Accenno alla vita di S. Giovanni della Croce

Juan de Yepes, nasce nel 1542 a Fontiveros, vicino ad Avila, da modesta famiglia. La madre, Catalina Alvarez, rimane vedova, le condizioni economiche della famiglia precipitano e, con tre figli da sfamare, andrà a chiedere aiuto di porta in porta; lui è ancora un bambino. Sono anni difficili per il piccolo Giovanni, la cui vita è segnata subito dalla croce. A Medina del Campo, dove ormai adolescente viene a stabilirsi, esercita la carità assistendo i malati, aiutando i poveri e frequentando la scuola dei Gesuiti. Prima di essere introdotto agli studi classici nel Collegio dei Gesuiti si dedica all’artigianato: fa il falegname, il sarto, l’intagliatore e il pittore. Nel 1563 entra nel Carmelo di Medina e prende l’abito col nome di Giovanni di S. Mattia. Dal 1564 al 1568 frequenta gli studi teologici all’Università di Salamanca. Nel 1567 riceve il Sacerdozio e incontra S. Teresa. Con lei prepara la riforma del Carmelo e comincia la prima fondazione degli Scalzi. Dal 1568 è Maestro dei novizi, prima a Duruelo poi a Mancera e dà inizio alla riforma dei Carmeli dell’Antica osservanza; stabilisce un noviziato a Pastrana. La Riforma teresiana scatena una violenta campagna denigratoria. Cambia il nome di religione in Giovanni della Croce. Partecipa con S. Teresa alla fondazione di Alba de Tormes. Dal 1572 al 1577 è confessore e cappellano dell’Incarnazione di Avila. Il 2 giugno del 1577 Santa Teresa comincia a scrivere Il Castello Interiore. Nel frattempo grossi conflitti di giurisdizione (tra Calzati e Scalzi) porteranno alla prigionia di Giovanni della Croce a Toledo (sarà incarcerato per nove mesi), e neppure una lettera della Santa di Avila al Re riuscirà a strapparlo dalla reclusione. In carcere il frate Carmelitano inizierà a comporre il Cantico spirituale, che sarà progressivamente completato. Fugge dal carcere in modo avventuroso. A questo punto gli Scalzi, con un potere che non hanno, si eleggono un superiore proprio.

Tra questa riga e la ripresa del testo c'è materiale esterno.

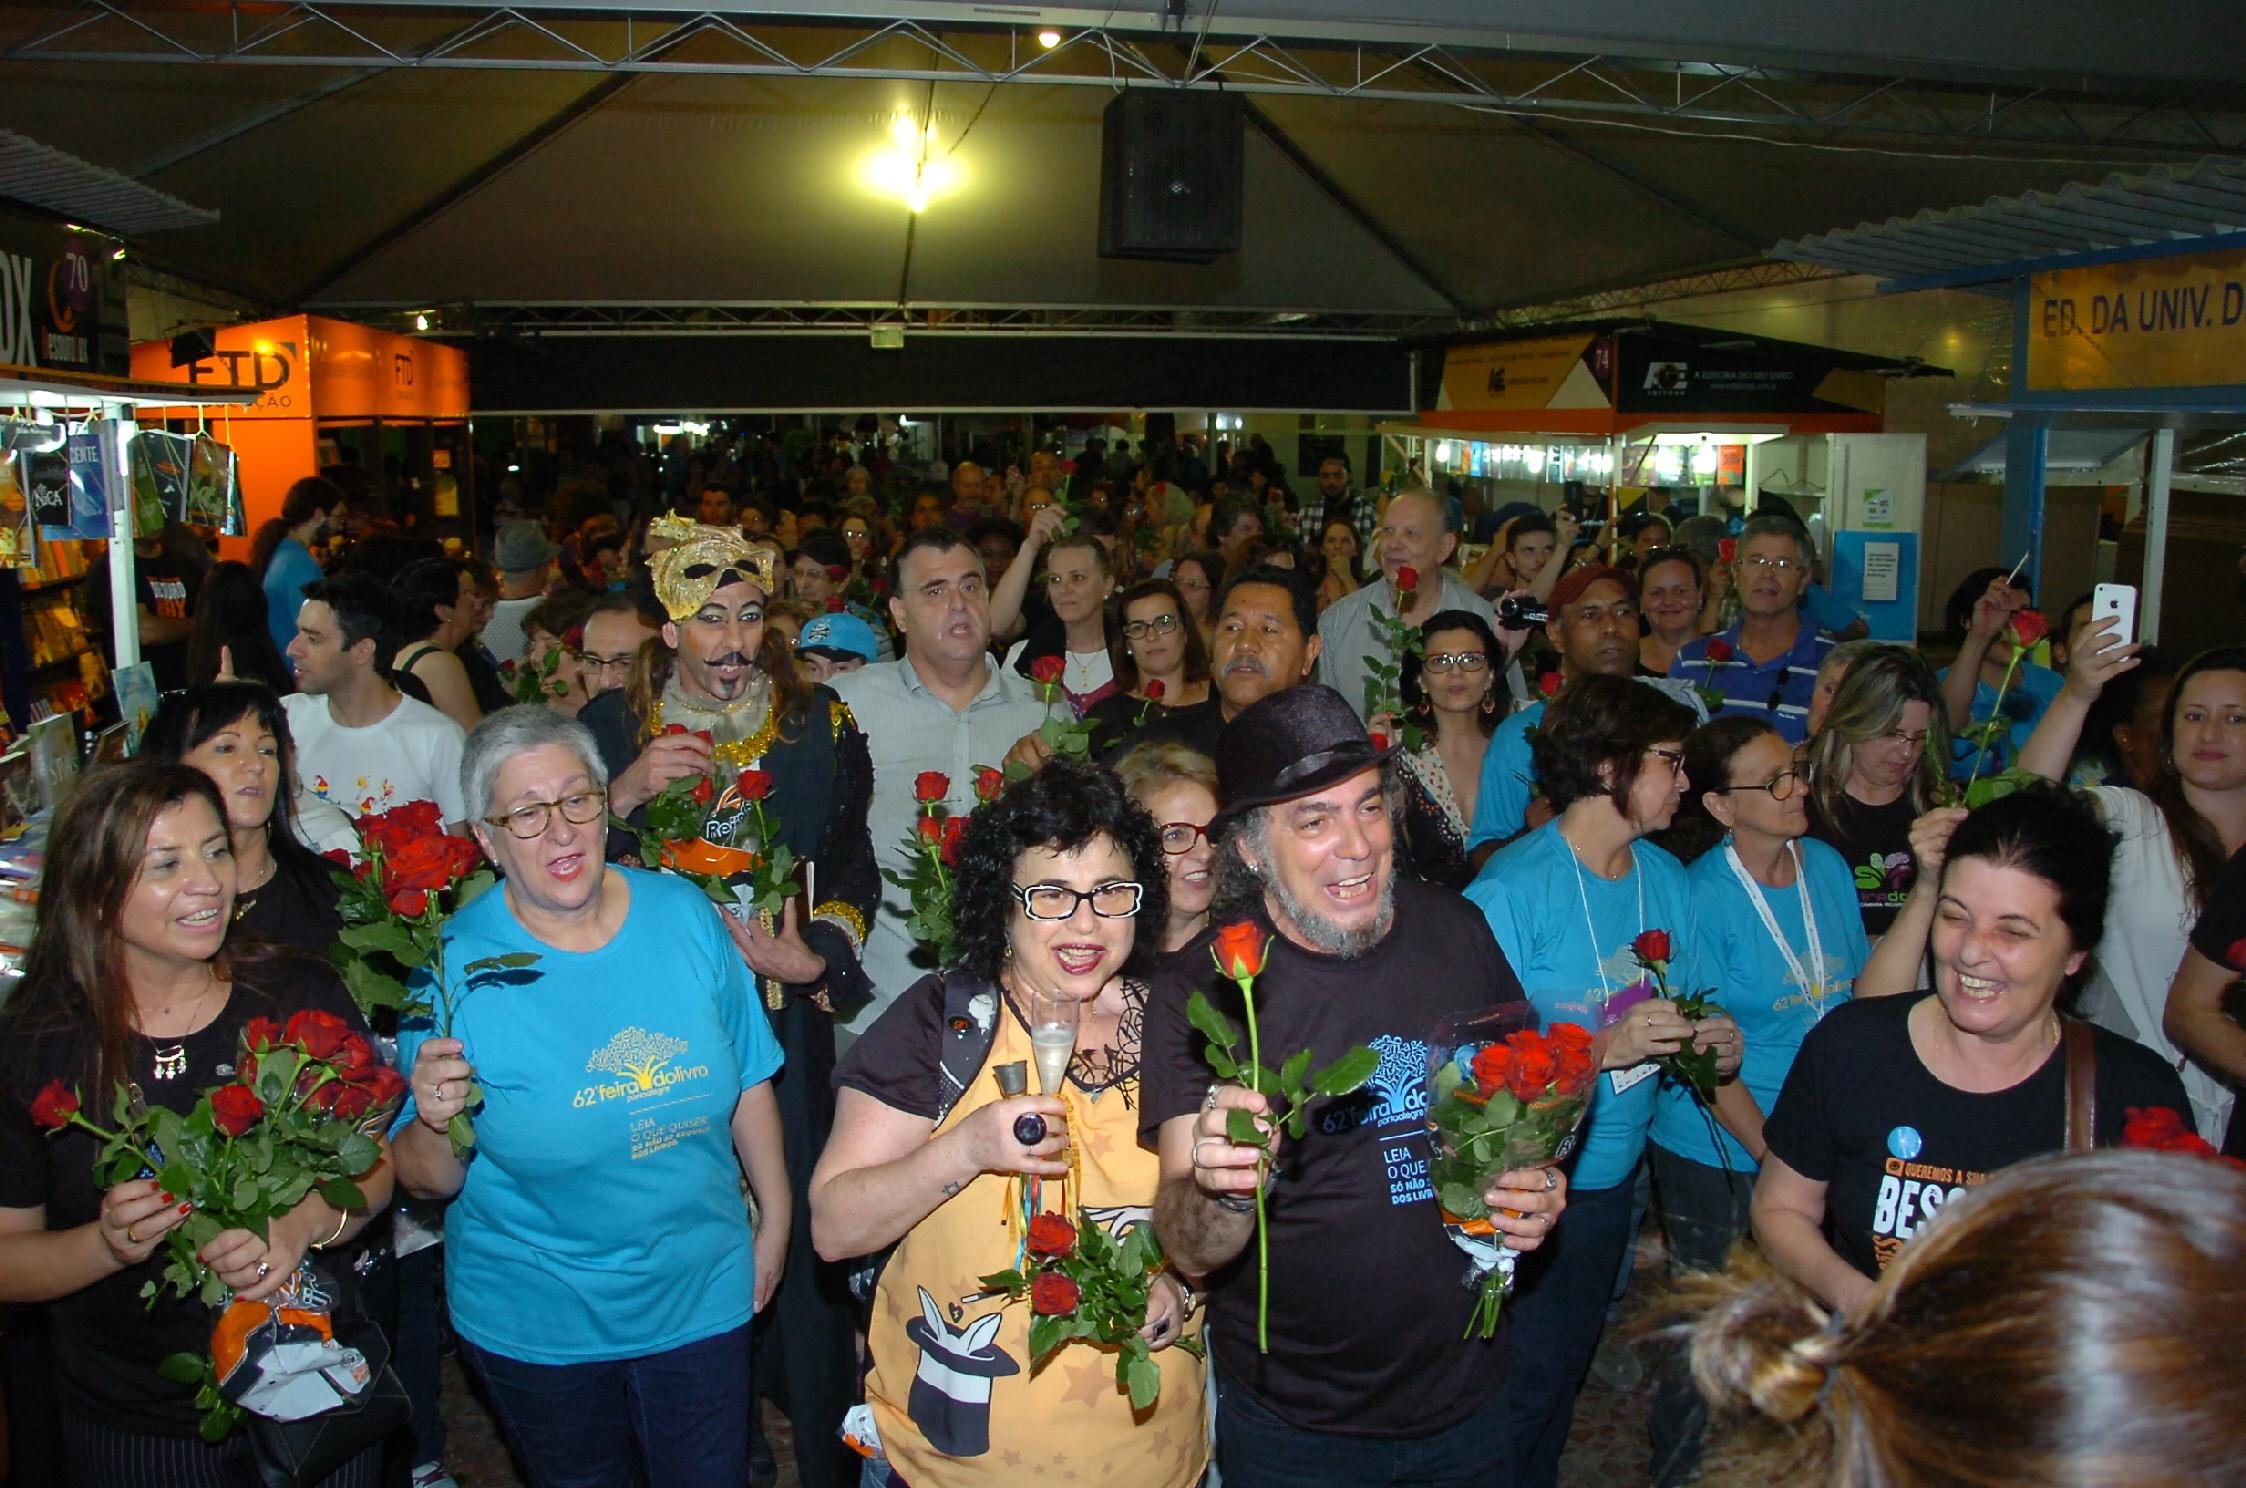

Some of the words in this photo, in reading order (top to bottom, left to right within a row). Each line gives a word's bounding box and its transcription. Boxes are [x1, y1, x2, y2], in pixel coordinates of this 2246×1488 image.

[66, 252, 89, 292] 70
[2092, 292, 2129, 335] DA
[2139, 283, 2212, 333] UNIV.
[395, 352, 414, 386] FTD
[1596, 349, 1609, 369] 74
[188, 350, 291, 391] FTD
[599, 1080, 640, 1101] feira
[629, 1117, 655, 1131] LEIA
[1377, 1108, 1425, 1127] portoalegre
[631, 1132, 640, 1142] O
[643, 1124, 666, 1139] QUE
[1383, 1147, 1412, 1163] LEIA
[1387, 1165, 1399, 1179] O
[1400, 1159, 1427, 1178] QUE
[1905, 1162, 1953, 1183] QUEREMOS
[1955, 1169, 1963, 1184] A
[1390, 1180, 1404, 1193] SÓ
[1405, 1177, 1425, 1190] NÃO
[1391, 1193, 1412, 1205] DOS
[1873, 1174, 1968, 1240] BES

Nel 1578 il Nunzio Apostolico, sdegnato, sottopone gli Scalzi ai Calzati. Solo nel 1581, grazie all’intervento di Filippo II, gli Scalzi ottengono il riconoscimento della riforma teresiana e formano una provincia a parte nel governo del Carmelo. Nell’ottobre 1582 muore Santa Teresa. Tra l’84 e l’86 S. Giovanni della Croce compone una prima redazione rapida della Fiamma d’Amor viva (detta Fiamma d’Amor viva A) il Dottore mistico la rivedrà e migliorerà al termine della sua esistenza (Fiamma d’Amor viva B). Tra la fine del 1585 e l’inizio del 1586 redige La Salita del Monte Carmelo e La Notte Oscura. Fonda diversi Carmeli maschili e partecipa a tre Capitoli generali dell’Ordine. Nel 1591 (Teresa è già morta), al Capitolo generale degli Scalzi riformati, si oppone fermamente al Padre Doria e questa opposizione gli frutta la rimozione da ogni carica nell’Ordine. Così, dopo 22 anni di riforma, è ridotto in solitudine. Ammalato, sceglie di ritirarsi nel Carmelo di Ubeda. Muore a Ubeda (Jaén) il 14 dicembre 1591. Il corpo sarà traslato nel Convento di Segovia, dopo due anni.

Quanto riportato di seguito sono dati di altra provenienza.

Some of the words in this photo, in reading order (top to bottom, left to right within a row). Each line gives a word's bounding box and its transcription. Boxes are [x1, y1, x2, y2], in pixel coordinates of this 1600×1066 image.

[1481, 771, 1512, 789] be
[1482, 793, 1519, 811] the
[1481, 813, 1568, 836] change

Nel 1926 Pio XI lo proclama “Dottore della Chiesa”.

Le Opere di S. Giovanni della Croce e la loro tematica

I quattro titoli maggiori delle Opere del Santo castigliano sono:

  1. Salita del Monte Carmelo
  2. Notte oscura
  3. Cantico spirituale
  4. Fiamma viva d’amore
  • Per quanto riguarda la Salita del Monte Carmelo e la Notte oscura la loro continuità e unità letteraria e didattica è tale da poter dire che si tratti di un’unica trattazione divisa in due parti. La prima delle due parti è rimasta incompleta nel suo svolgimento. In questi due scritti l’autore mistico descrive accuratamente le “notti dell’anima” che egli dichiara essere due stati successivi d’orazione, due gradi di contemplazione, che recano con sé patimenti e purificazione. La prima notte è detta “del senso”, perché si oscurano gli appetiti sensibili; la seconda “notte” è detta “notte dello spirito”, e giustamente, perché questa esperienza pone il nostro spirito e le facoltà dell’anima (memoria, intelletto e volontà) nell’ “oscurità divina”. Per superare questa notte l’anima deve procedere poggiando solo sulla fede, cioè sul soccorso di Dio, che non le verrà meno.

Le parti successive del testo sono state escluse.